今はあの時よりも強くなっているが、それでも持久戦となれば複数の“個性”を使えるAFOの方が圧倒的に有利である。そのために2人は短期決戦で決めるしかないのだ。

 

「全力で行くぞ、火傷の覚悟(・・・・・)は良いな。フレイム・ドラゴンッ!!」

「ハハハ! 普通の人間なら火傷どころか消し炭だね。でも、僕には届かない!」

 

 一匹の巨大な炎の龍が雄叫びを上げ、AFOを締め上げるようにとぐろを巻く。逃げ場所はない。

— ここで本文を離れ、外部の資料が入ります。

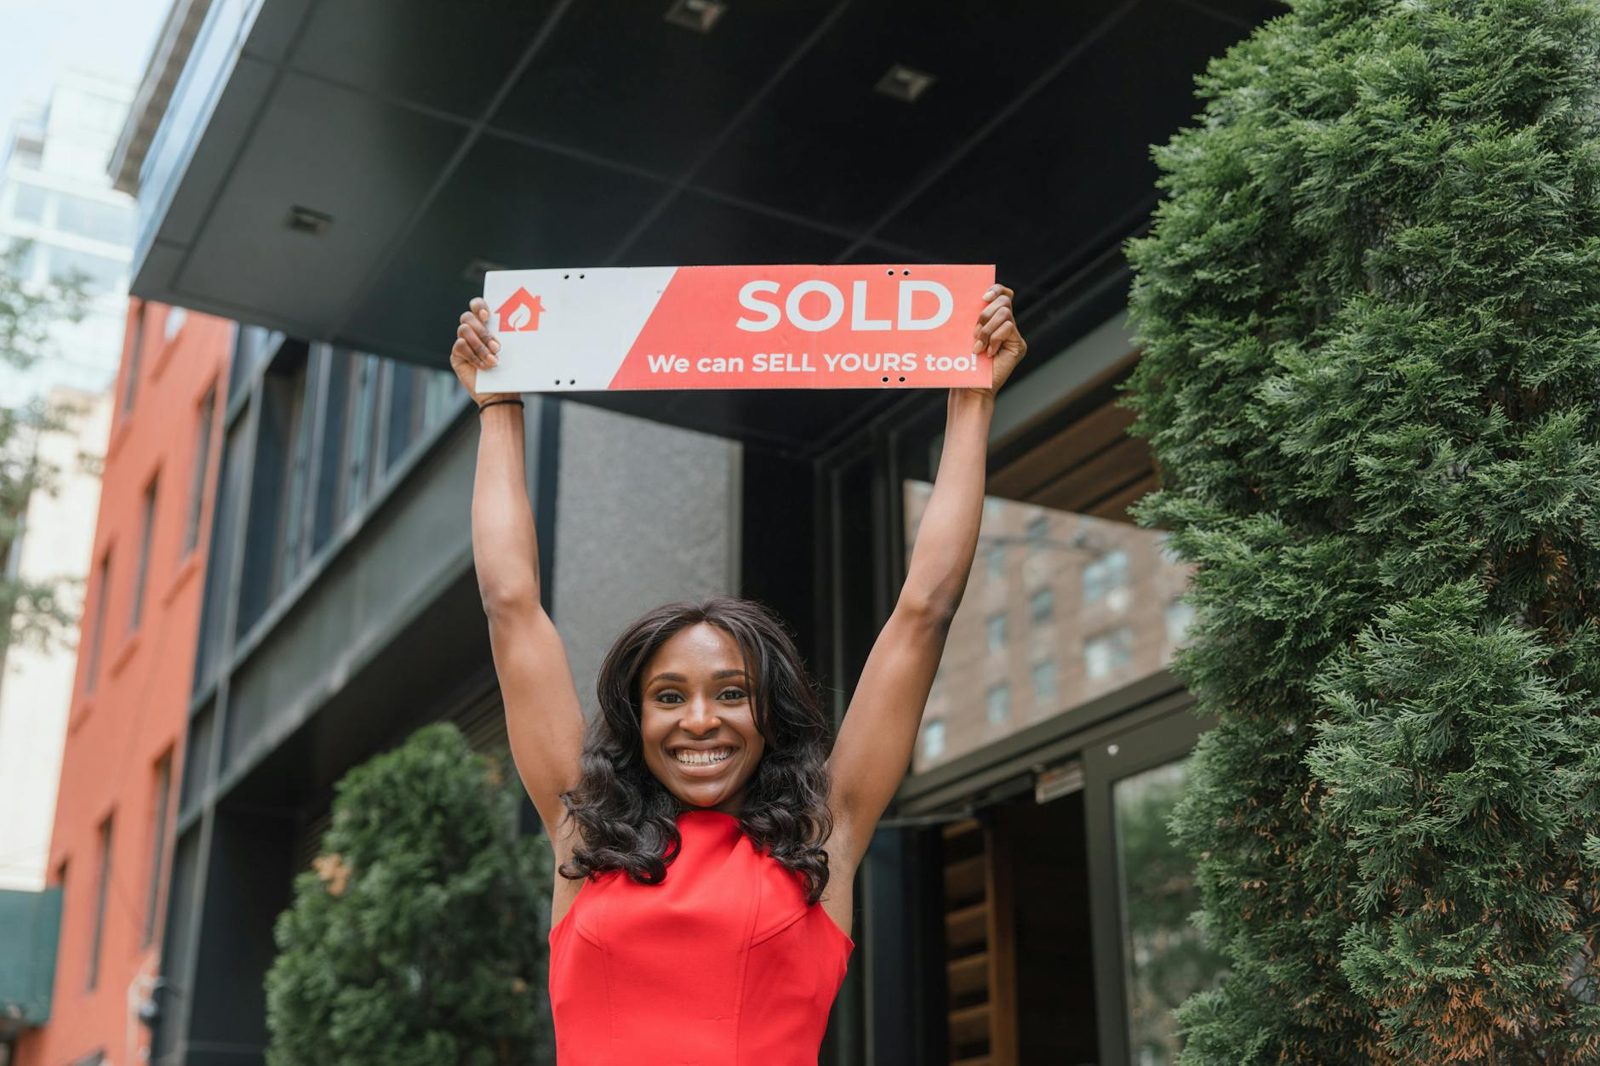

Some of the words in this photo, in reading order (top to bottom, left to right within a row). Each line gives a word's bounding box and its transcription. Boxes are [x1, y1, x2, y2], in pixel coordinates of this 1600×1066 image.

[736, 280, 954, 332] SOLD
[648, 355, 690, 373] We
[697, 358, 744, 373] can
[752, 354, 816, 372] SELL
[824, 353, 918, 372] YOURS
[924, 353, 978, 373] too!

 にも関わらず、AFOは背中のポッド(・・・・・・)を僅かに一瞥(いちべつ)するだけで、炎など効かぬとばかりに笑っている。

 

「『硬化』、『結晶』、『バリア』発動。加えて『“個性”の範囲を広げる』“個性”を発動する」

 

 まずは己の体を硬化させて肌を守る。次に体から異常な硬度を誇る結晶を作り出し、身に纏う。

 そして『“個性”の範囲を広げる』“個性”で広げたバリアを身に纏い、その身を要塞とする。

 これには全力のエンデヴァーの技も二の足を踏まねばならず、AFOの動きを止めるにとどまる。

 

 しかし、それで十分であった。

 

「足止めありがとございます、エンデヴァーさん」

「フン、とっとと決めてこい」

「この炎の中を生身で来ただと!? 正気か、クロノス!」

 

 太陽もかくやな炎を気にすることなく、真っすぐにAFOに突っ込んでいく切嗣。

 エンデヴァーの役目はAFOの身動きを止めることと、炎で視界を奪い接近に気づかせないこと。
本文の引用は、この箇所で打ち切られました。